Bu gökteki bulutlar sensin.
Her şey saf bir fikirle başlar.
Seninle buluşmaktan b/aşka neyi arayayım, neyi istiyeyim?..
Suyu açmadın mı derenin bir değeri, bir parlaklığı olmaz.
Ölüm hoşgeldin dediğinde.
Cahil kişi gülün güzelliğini görmez, gider dikenine takılır.

Eğer bende bir gönül kalmışsa gönlümü alan sen değil misin?..
İçindeki çocuk birer birer kaybolurken sisler içinde, kime gidelim.
Gönül evinde kimse var mı?.. diye b/aktınmı teheccüt vakti duada.
Mahremiyeti bilenin kapıyı çalması gerekir şems vakti.
Pencerelerini bilmeli can içre olan canın.
Hayrete dalman için perdeyi açman lazım.
Cahil kişi gülün güzelliğini görmez, gider dikenine takılır.

Korkusuzca sevin.
Çünkü sevgi bir hapishane değil, özgürlüktür.
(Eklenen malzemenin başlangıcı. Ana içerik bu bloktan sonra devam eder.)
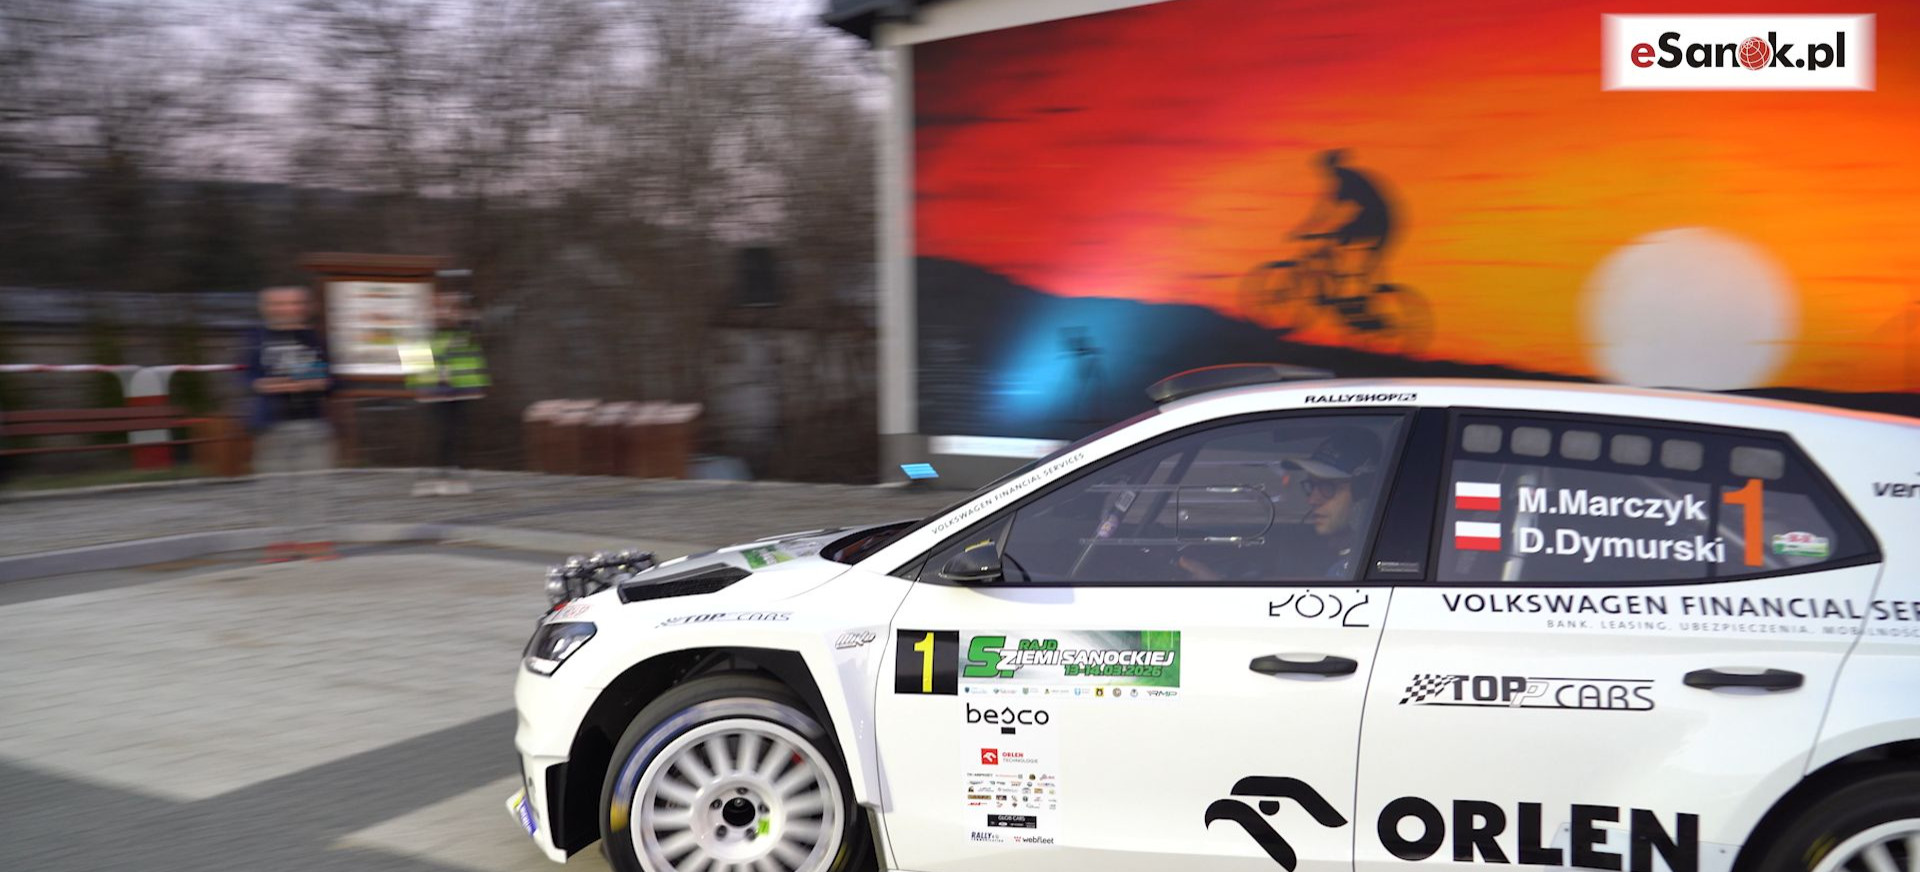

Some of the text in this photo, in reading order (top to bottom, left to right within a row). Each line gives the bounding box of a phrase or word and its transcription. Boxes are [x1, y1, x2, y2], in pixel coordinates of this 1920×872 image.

[932, 453, 1084, 534] VOLKSWAGEN FINANCIAL SERVICES
[1518, 486, 1707, 526] M.Marczyk
[1723, 478, 1763, 567] 1
[1519, 528, 1726, 564] D.Dymurski
[1442, 594, 1669, 615] VOLKSWAGEN
[1680, 596, 1865, 619] FINANCIAL
[914, 632, 934, 692] 1
[997, 650, 1175, 671] ZIEMI SANOCKIEJ
[1018, 639, 1058, 651] RAJD
[1555, 684, 1655, 710] CARS
[1377, 796, 1700, 872] ORLEN
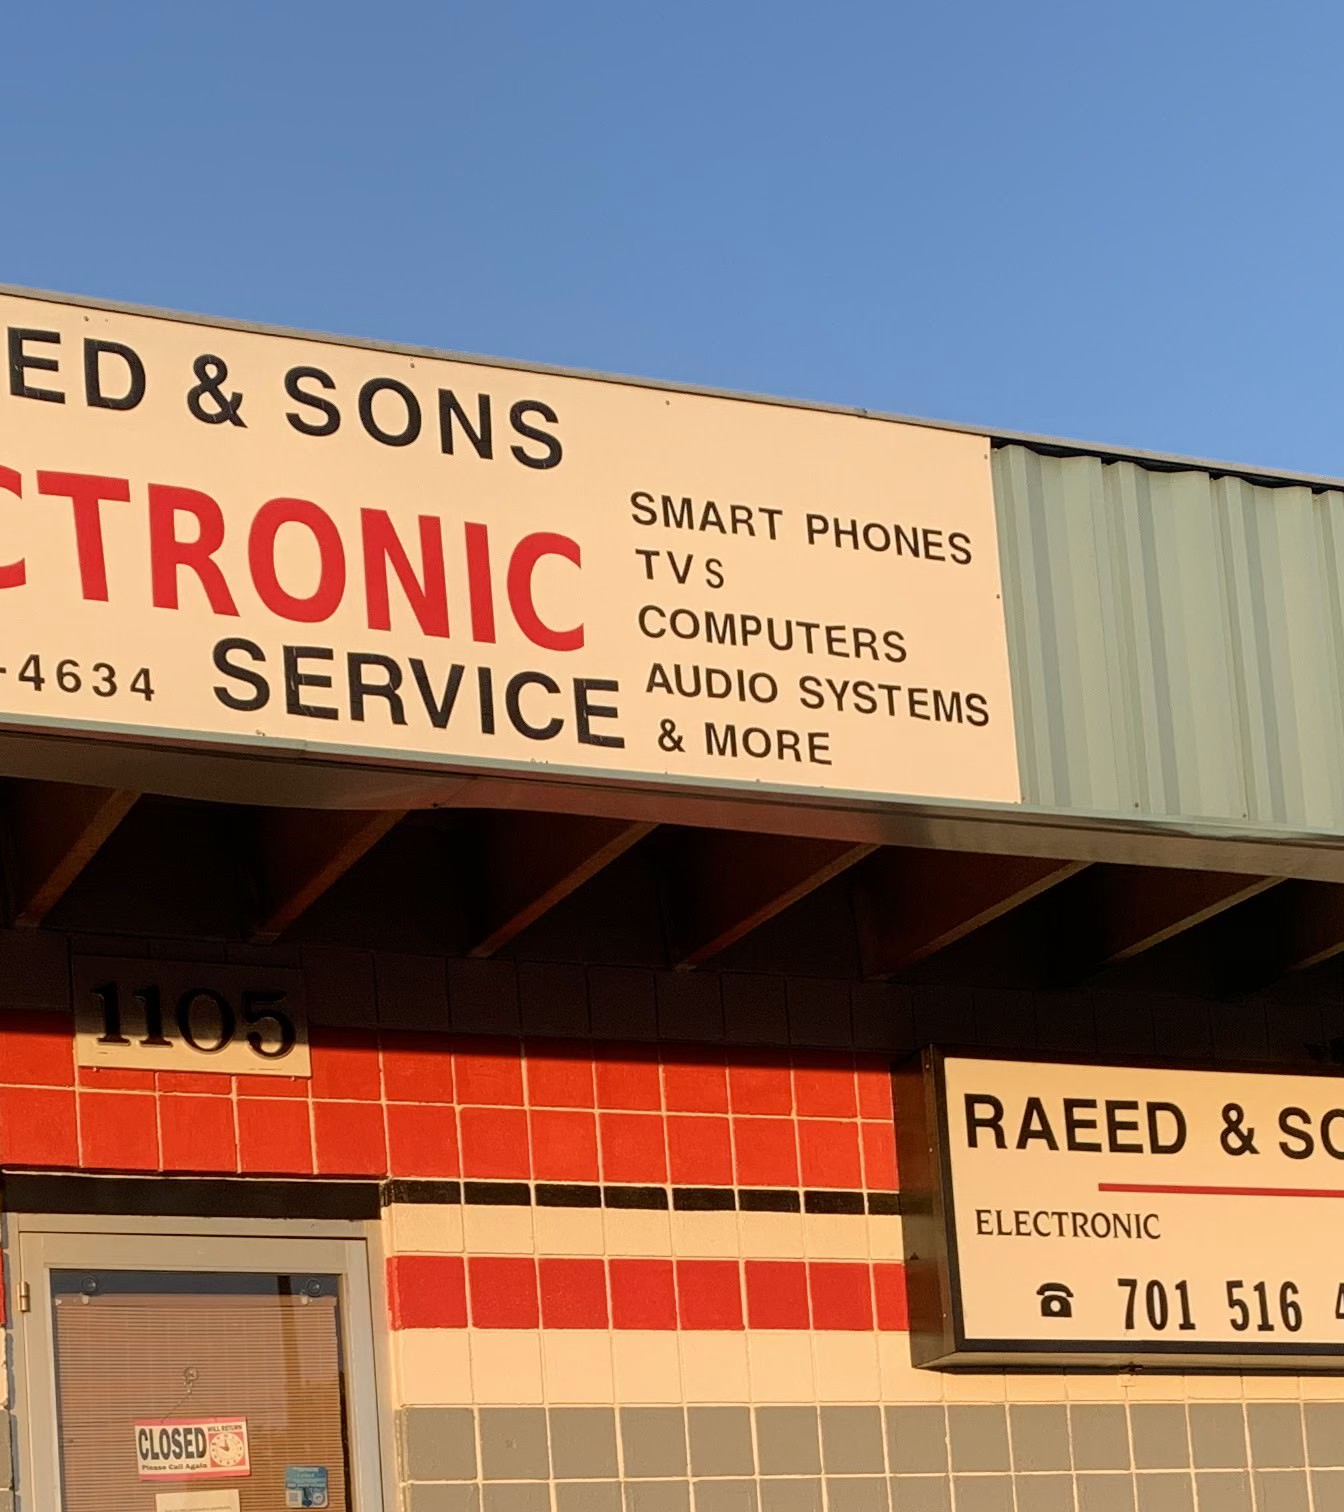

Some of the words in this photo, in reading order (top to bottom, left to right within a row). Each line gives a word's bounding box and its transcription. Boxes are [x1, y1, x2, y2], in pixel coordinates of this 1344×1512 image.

[186, 353, 248, 429] &
[283, 365, 564, 470] SONS
[629, 491, 783, 542] SMART
[805, 513, 973, 566] PHONES
[637, 605, 907, 664] COMPUTERS
[212, 637, 626, 749] SERVICE
[645, 662, 779, 705] AUDIO
[799, 675, 990, 728] SYSTEMS
[657, 719, 685, 753] &
[704, 724, 833, 766] MORE
[91, 982, 297, 1060] 1105
[963, 1092, 1188, 1155] RAEED
[1219, 1102, 1260, 1157] &
[975, 1208, 1162, 1240] ELECTRONIC
[1117, 1278, 1197, 1331] 701
[1225, 1280, 1303, 1333] 516
[138, 1427, 208, 1461] CLOSED
Sevdiğin zaman, bütün varlığınla sev.
Vallahi aşıksınız.
Bunu nereden anladığımı söyleyeyim!..
Çünkü karşılıksız seven zaten kazanmıştır.
Kabirdekiler hayatın karşılıksız sevmeden vermeden bir anlamı olmadığını anlamıştır.
Ben sadece şiir yazmayı hayal ettim.
Ve sonra hayallerimi dua dua şiirleştirdim.
Hepimizin ruhunda, bizi acıtan ve kanatan, az da olsa, bir miktar kırık cam vardır.
Şiir yazdıkça sanki içimdeki o camın bir kısmını dışarı atabiliyorum.
Bunları kağıda döktüğümde artık bana zarar vermiyorlar.
Cahil kişi gülün güzelliğini görmez, gider dikenine takılır.

Teheccüt vakti bir coşkuyuz ben ve sen.
Şems vakti her şûleden üstün bir ahımız var.
Ezel sırlarını ne sen bilirsin, ne ben!..
Duha vakti gidiyorum, çek elini Maidem’den, gönlümden.
Alına konan besmelenin hayrını bilmeyen, sevginin hatırını nerden bilsin?..
Adına sevgili denen şey var ya!..
Anlamadım ki, ne zaman geldi, ne zaman gitti?..
Ey anlamsız, sonuçsuz sevgili.
Kimsede dostluk ve arkadaşlık göremiyorum.
Dostlara ne oldu?..
Ne zaman başladı, ne zaman bitti sevgi?..
Cahil kişi gülün güzelliğini görmez, gider dikenine takılır.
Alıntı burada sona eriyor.